On Tue, 2007-07-24 at 14:13 +0200, Andi Kleen wrote:
> Benjamin Herrenschmidt <benh@...nel.crashing.org> writes:
> 
> > > What a truly putrid patch.  I am suspecting that this was a quick
> > > get-you-out-of-trouble thing, which then got forgotten about.
> > > 
> > > We have two months to do the "right fix".  Please?
> > 
> > Working on it... 
> 
> Ideally the patch would DTRT even on non preemptible kernels,
> aka do cond_resched()s when needed.

First is to rework the batch structure to make it more manageable. That
is, patch #1 will keep the page list in per-cpu (and thus non-preempt),
but the batch "head" will be on the stack.

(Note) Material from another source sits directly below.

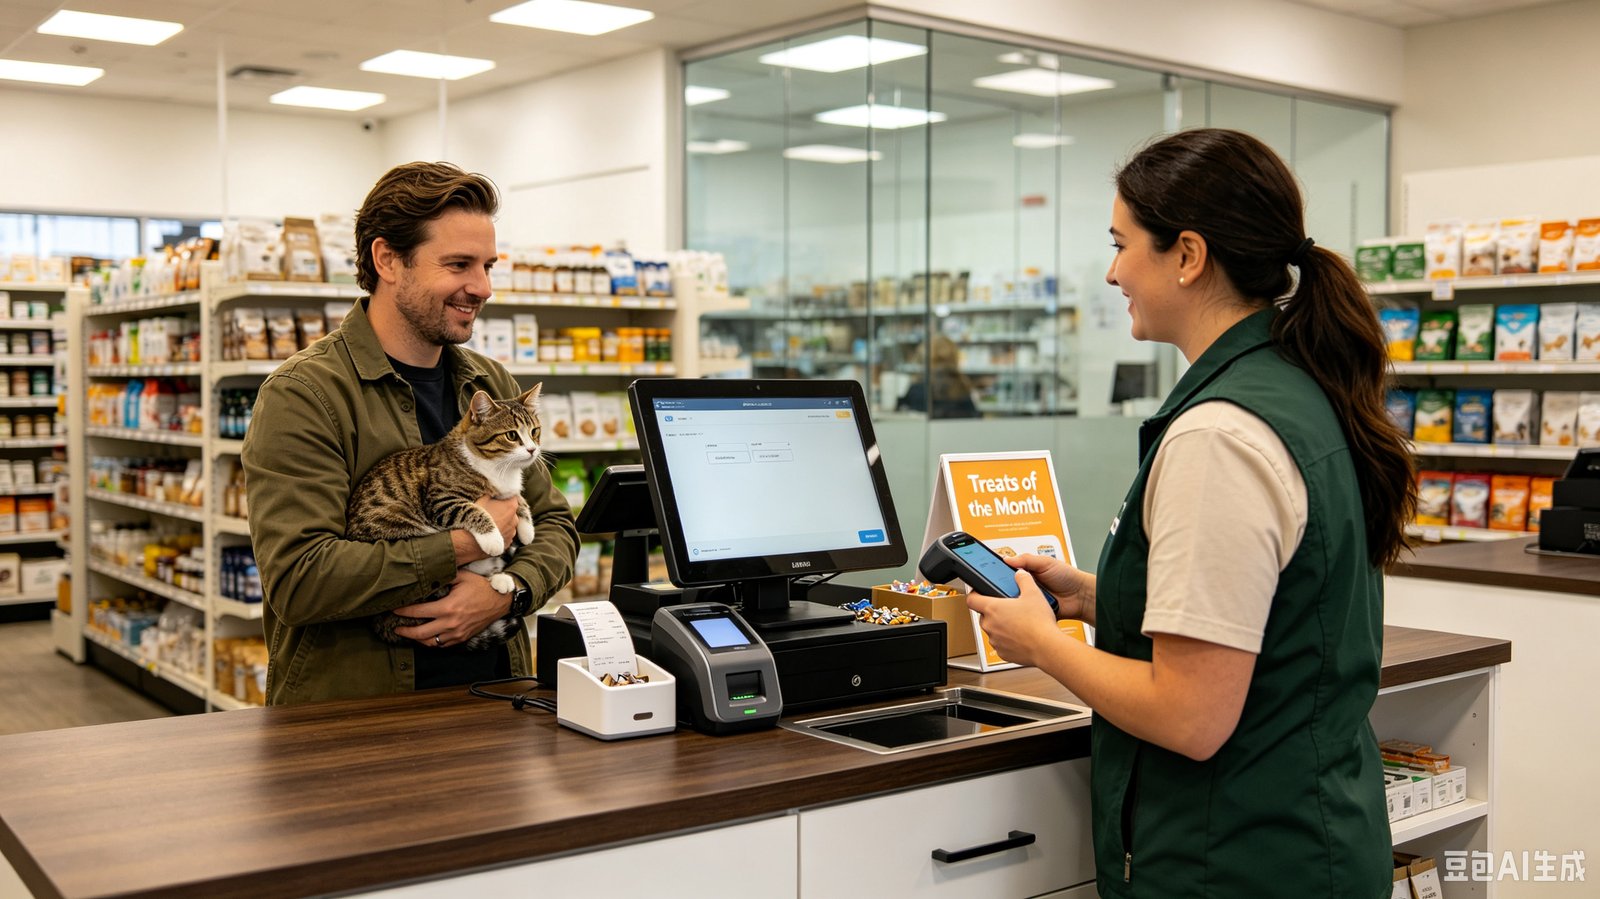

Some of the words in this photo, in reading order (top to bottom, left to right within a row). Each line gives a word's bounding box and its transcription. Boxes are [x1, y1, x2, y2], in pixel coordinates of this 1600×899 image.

Now, there are two approaches regarding getting rid of the
get_cpu/put_cpu:

 - One is to have a small number of entries for the page list in the
batch structure on the stack, and attempt to gfp' a page for more. If
that fails, we can still free, though with less batching, using only the
few entries in the batch struct itself. That's Hugh initial appraoch
iirc.

 - Another is to hook up with those folks who've been asking for a
notifier that we are being preempted/scheduled out. In this case, I can
happily access the per-cpu list, and just trigger a batch flush if we
happen to be scheduled out.

I tend to prefer the former solution though, gfp should be fast, and
there is no need to force a flush if we get scheduled out. It would be
rare to hit the worst case scenario of falling back to the few page
heads in the batch itself. On the other hand, that solution has the
problem of bloating the stack a bit (with the few page pointers) even in
the case where I plan to use the extended batch outside of zap_*, such
as fork, mprotect, ....

So I'll first do patch #1, which will not fix the problem, but will make
the fix easier to fit in, in the meantime, please provide feedback of
your preferred solution for avoiding the get/put_cpu of the 2 above,
unless you find a good 3rd one.

Cheers,
Ben.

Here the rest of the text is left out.